SOUTH KOREA INVESTMENTMeanwhile, the Board of Investments (BoI) said it approved a P756.24-million tapioca starch project being undertaken by South Korean firm Daesang Philippines Corp.
In a statement on Monday, the BoI said Daesang Philippines has been given the greenlight as a new producer of tapioca starch. The company will introduce its wastewater-to-biogas technology for the first time, which is expected to boost the circular economy and energy efficiency goals of the Philippines.
The project has an annual capacity of 33,000 tons of tapioca starch and 4,446 tons of tapioca residue as the by-product. It is estimated to begin commercial operations by January 2023 in Tagoloan town, Misamis Oriental and will generate 492 jobs.

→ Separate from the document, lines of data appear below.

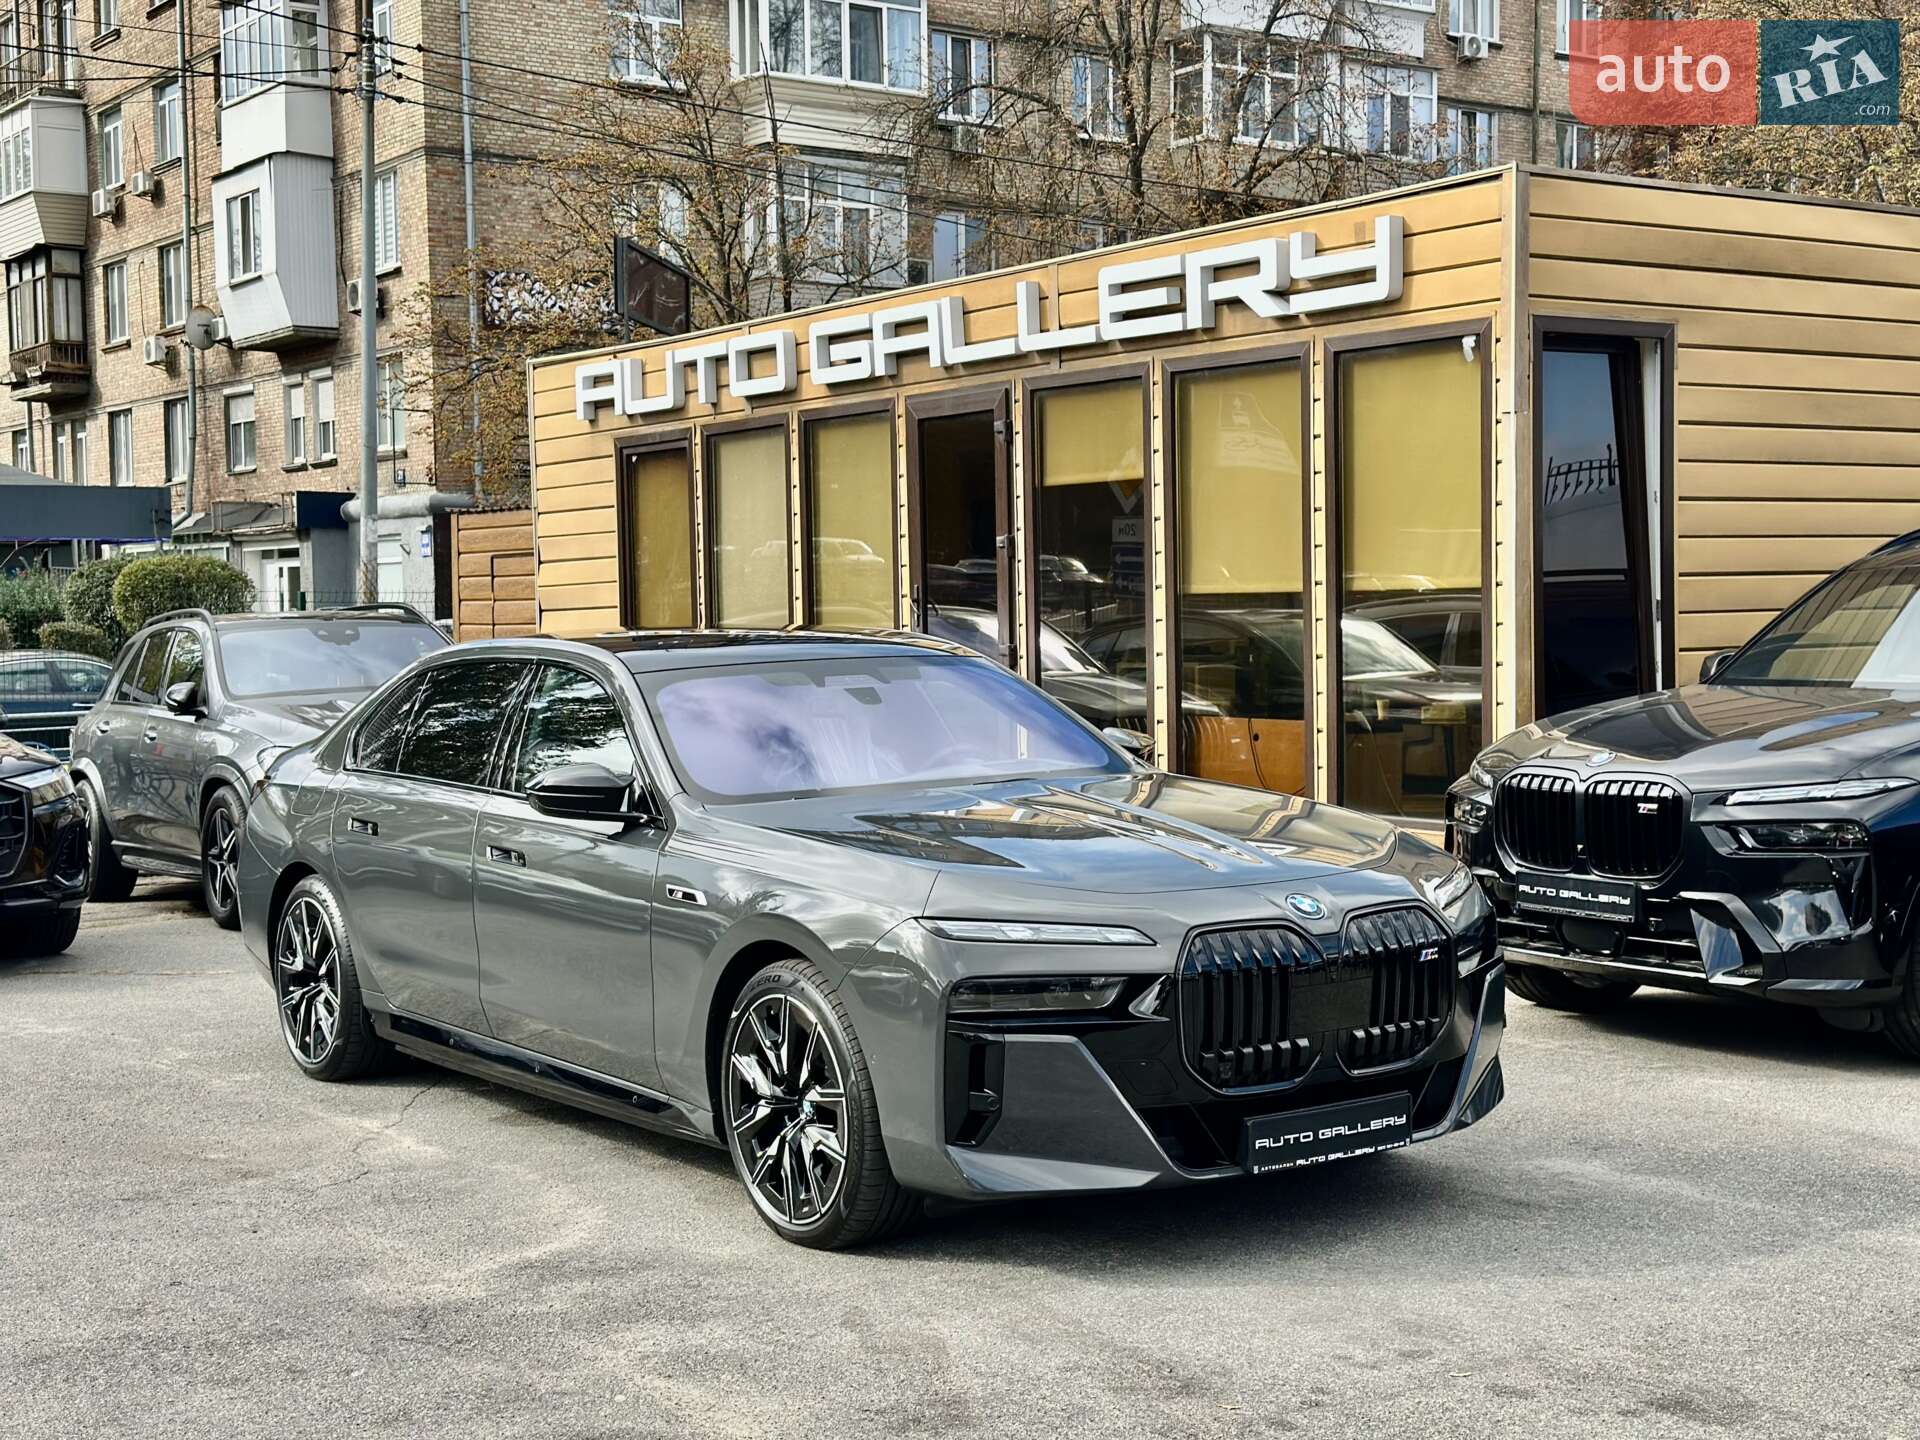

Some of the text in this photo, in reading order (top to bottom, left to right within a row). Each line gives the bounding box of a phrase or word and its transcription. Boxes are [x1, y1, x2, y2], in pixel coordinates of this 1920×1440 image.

[576, 215, 1404, 421] AUTO GALLERY
[1518, 884, 1631, 905] AUTO GALLERY
[1255, 1114, 1407, 1150] AUTO GALLERY
[1296, 1155, 1326, 1166] AUTO
[1328, 1146, 1376, 1161] GALLERY

According to the BoI, the project will augment the country’s cassava starch production by 9% to 403,000 metric tons (MT) from 370,000 MT.
It added that around 1 to 1.2 million MT of cassava roots are needed to meet the requirements for local cassava processing, citing estimates from the Philippine Cassava Industry Roadmap and the US Department of Agriculture-Foreign Agricultural Service.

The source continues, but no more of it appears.